What is expected -> Exclude the pictures and repeat all of the data exactly.

Source data ->
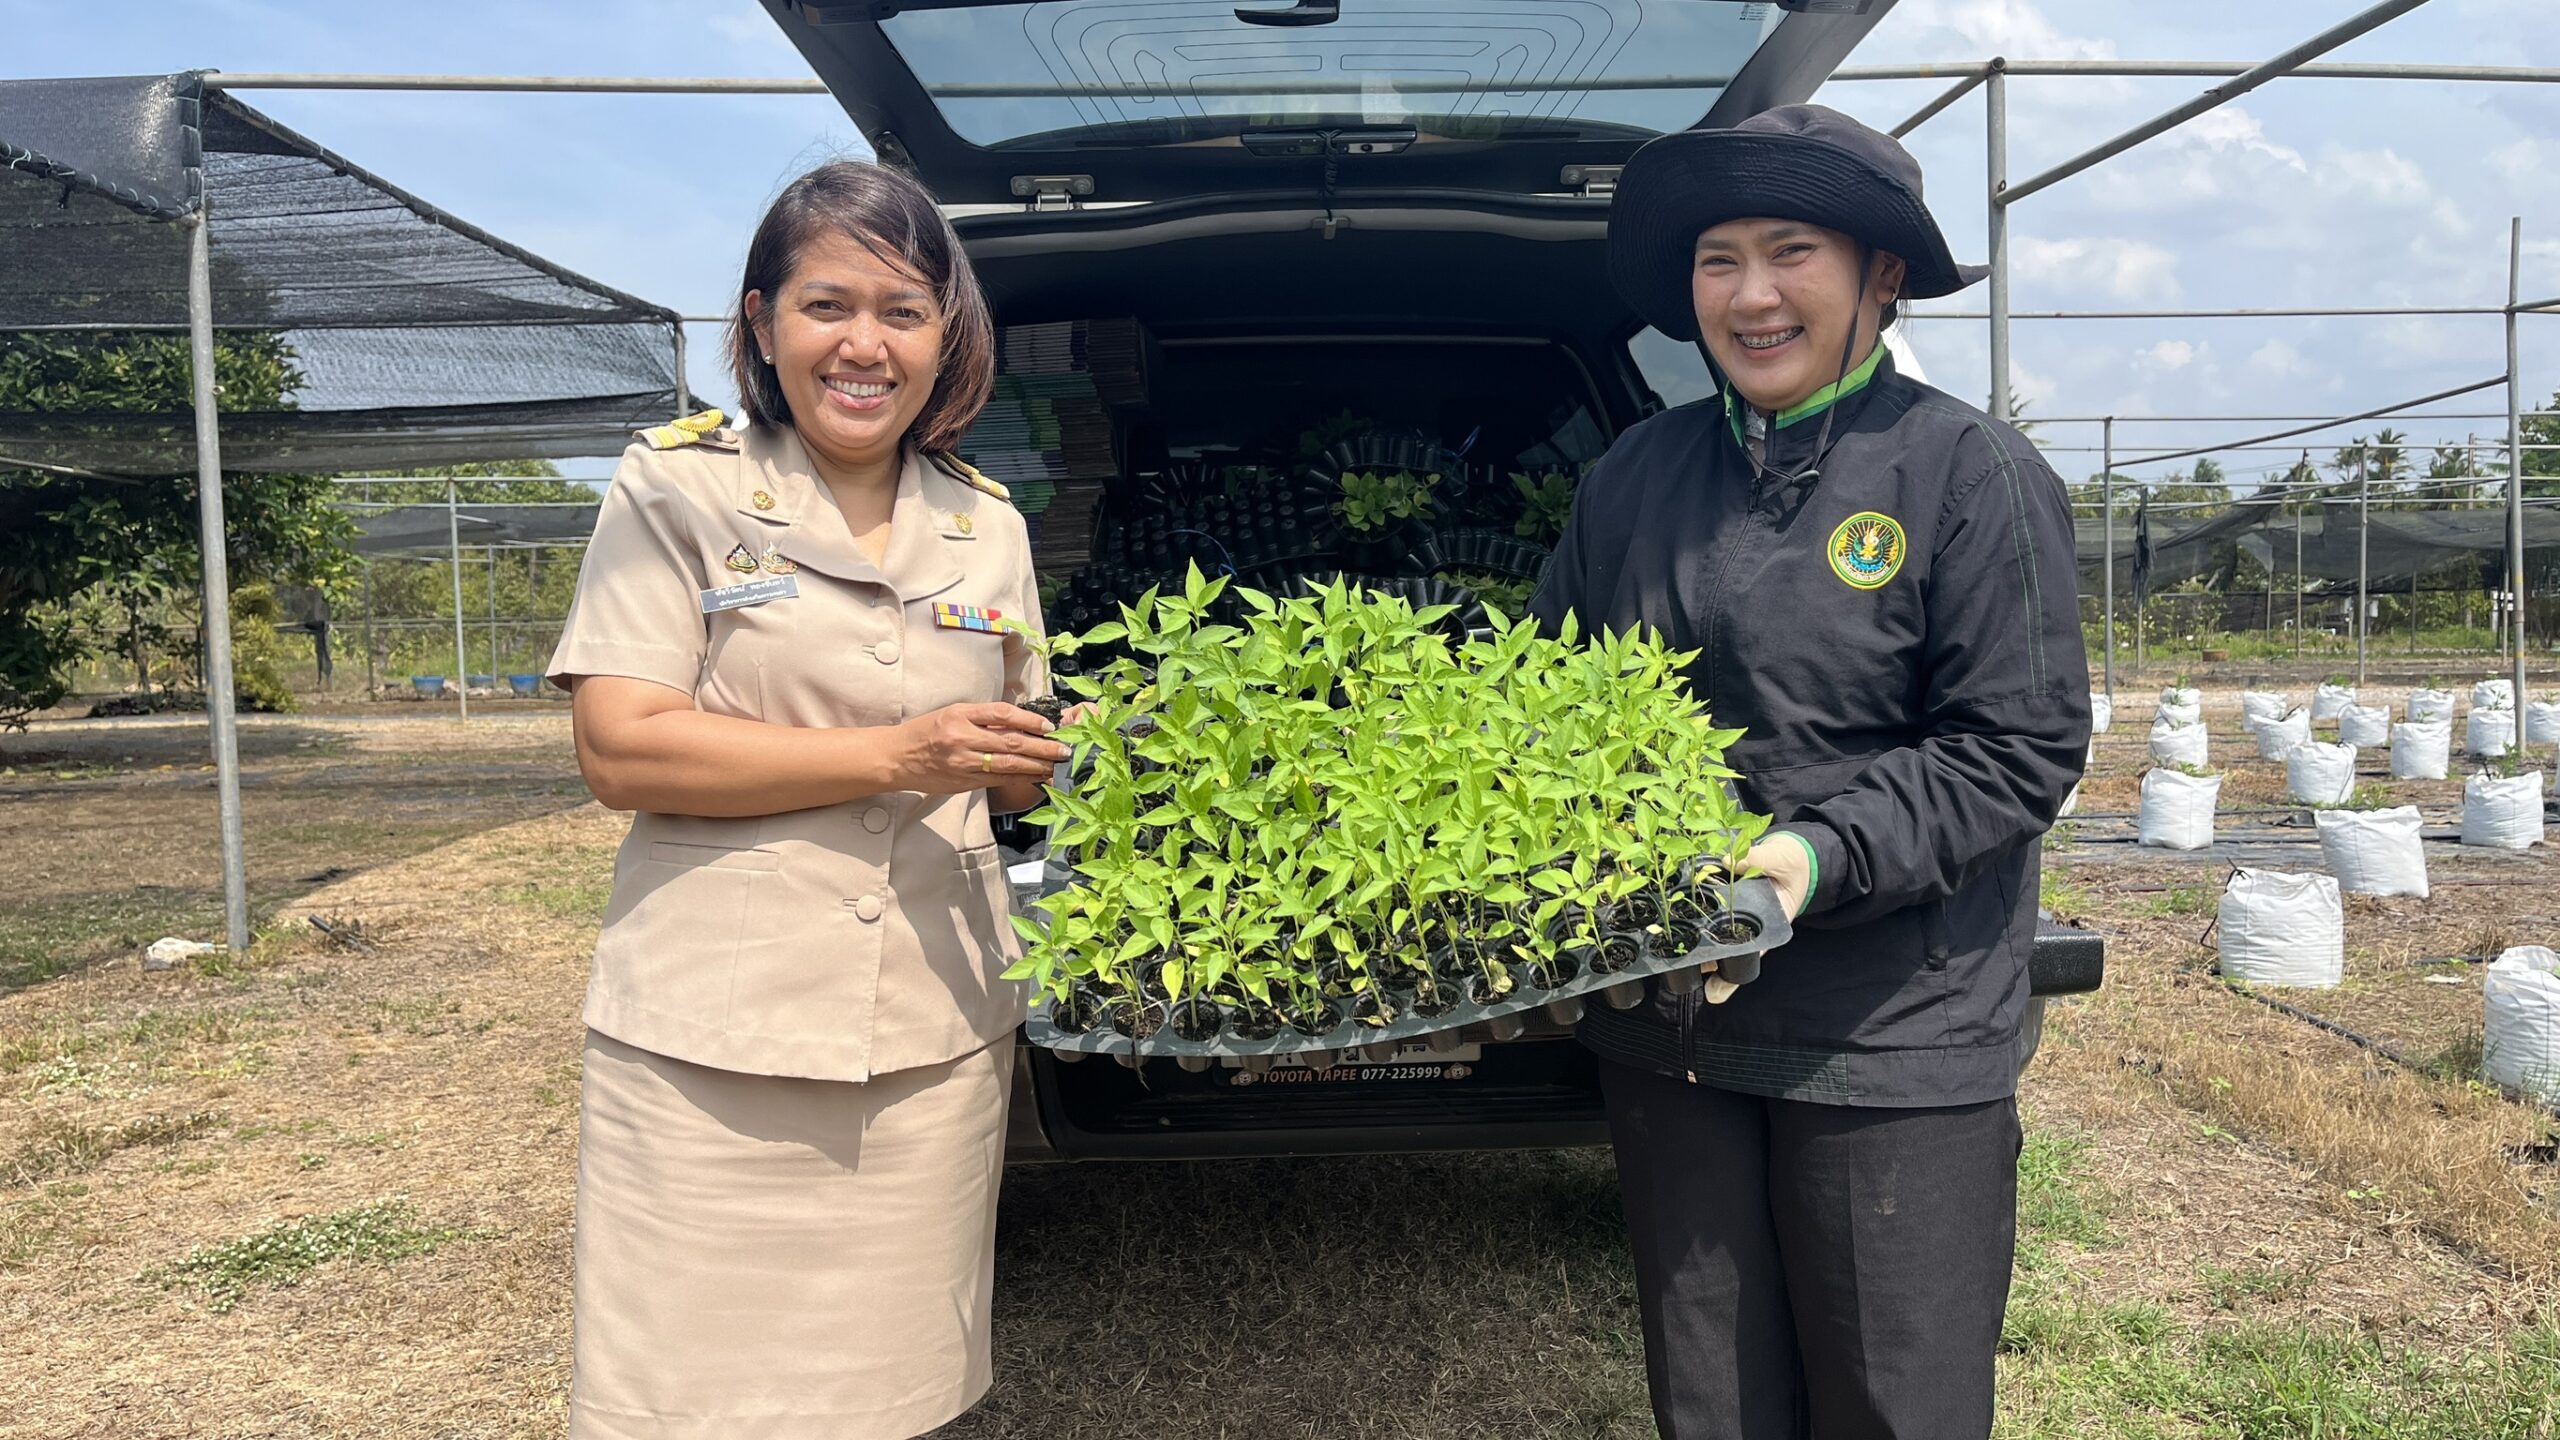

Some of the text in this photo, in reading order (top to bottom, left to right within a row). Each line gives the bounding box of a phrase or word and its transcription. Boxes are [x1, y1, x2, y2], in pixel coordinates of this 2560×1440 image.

[1262, 1066, 1441, 1083] TOYOTA TAPEE 077-225999
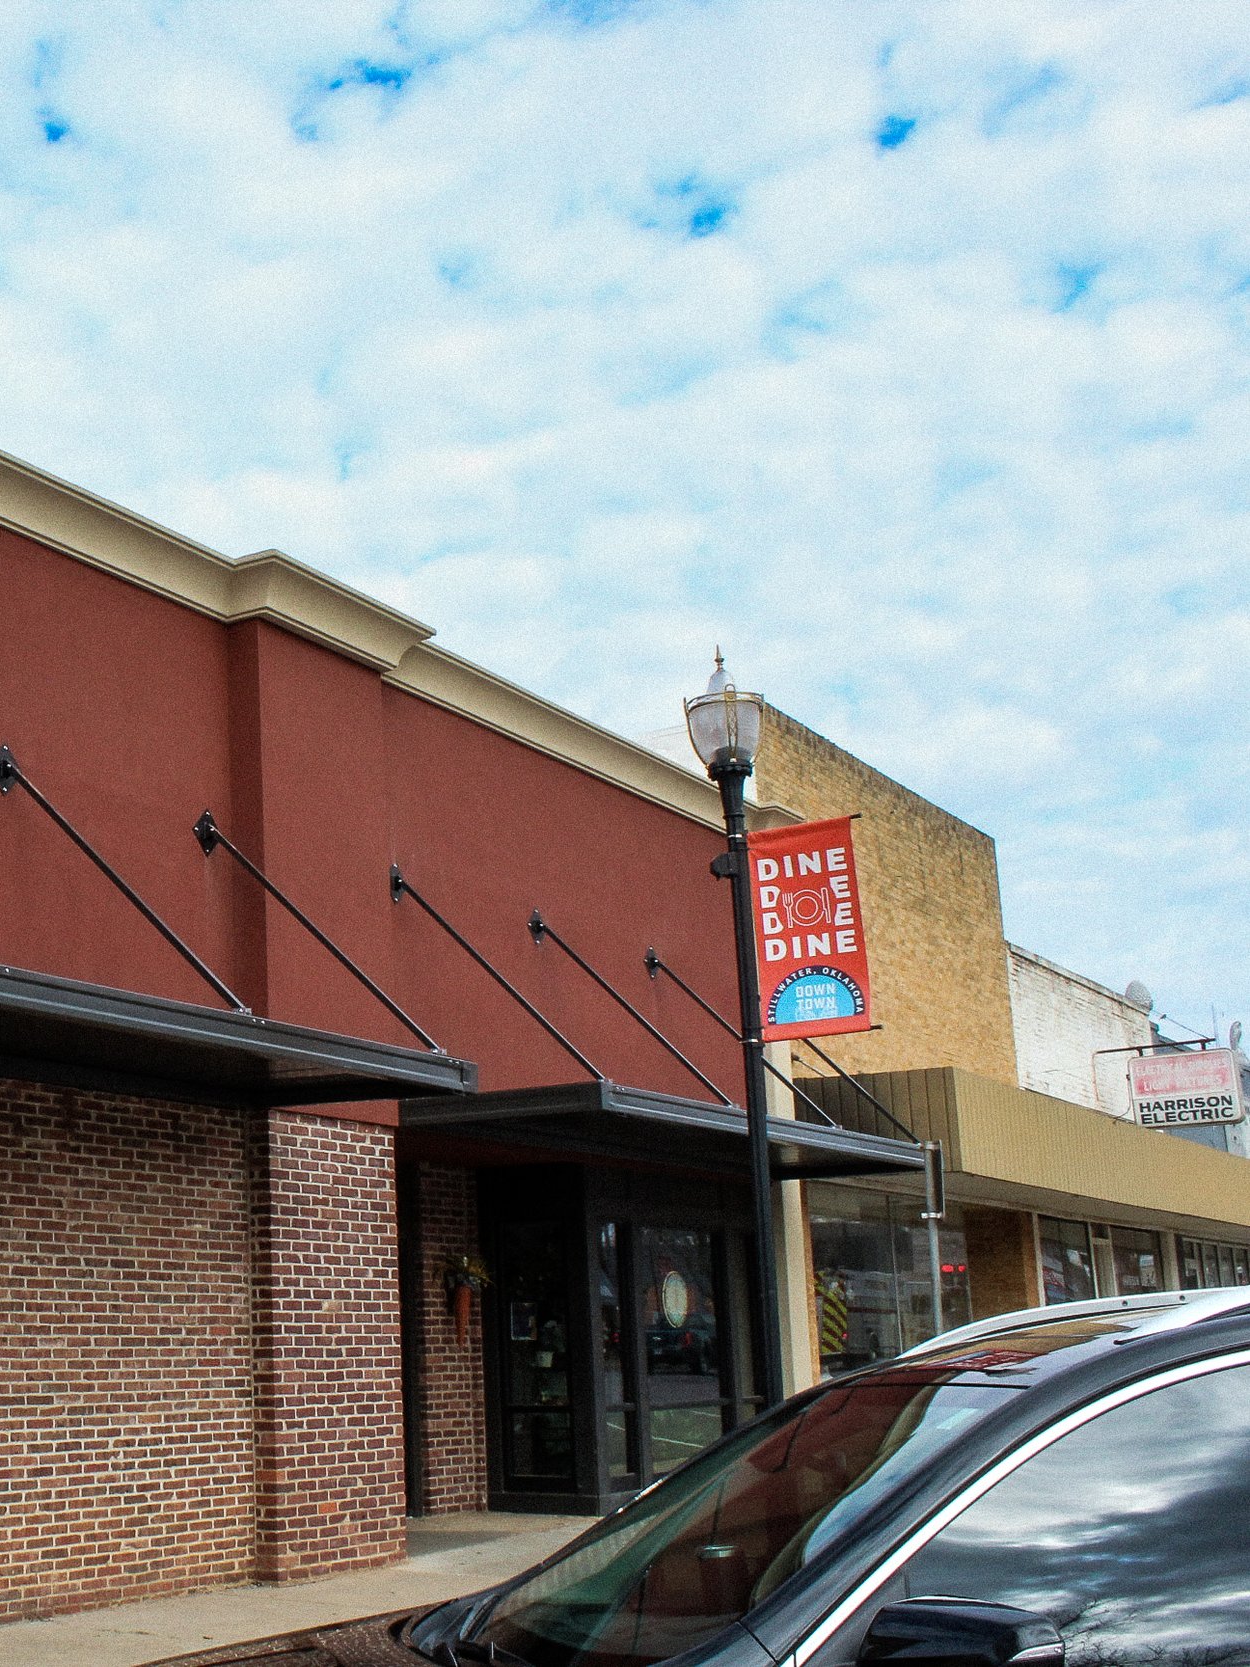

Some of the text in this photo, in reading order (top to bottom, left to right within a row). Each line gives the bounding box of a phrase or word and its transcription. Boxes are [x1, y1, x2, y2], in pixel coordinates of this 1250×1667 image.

[756, 847, 849, 881] DINE
[764, 930, 858, 962] DINE
[768, 966, 864, 1023] STILLWATER, OKLAHOMA
[795, 983, 837, 998] DOWN
[795, 996, 837, 1011] TOWN
[1139, 1095, 1233, 1113] HARRISON
[1141, 1107, 1234, 1124] ELECTRIC

Result for this exercise ->
Some of the text in this photo, in reading order (top to bottom, left to right within a row). Each line gives the bounding box of a phrase or word and its transcription. Boxes are [x1, y1, x2, y2], in pixel coordinates of this 2560×1440 image.

[1262, 1066, 1441, 1083] TOYOTA TAPEE 077-225999

Some of the text in this photo, in reading order (top to bottom, left to right within a row). Each line gives the bounding box of a phrase or word and its transcription. Boxes are [x1, y1, x2, y2], in pixel coordinates of this 1250×1667 image.

[756, 847, 849, 881] DINE
[764, 930, 858, 962] DINE
[768, 966, 864, 1023] STILLWATER, OKLAHOMA
[795, 983, 837, 998] DOWN
[795, 996, 837, 1011] TOWN
[1139, 1095, 1233, 1113] HARRISON
[1141, 1107, 1234, 1124] ELECTRIC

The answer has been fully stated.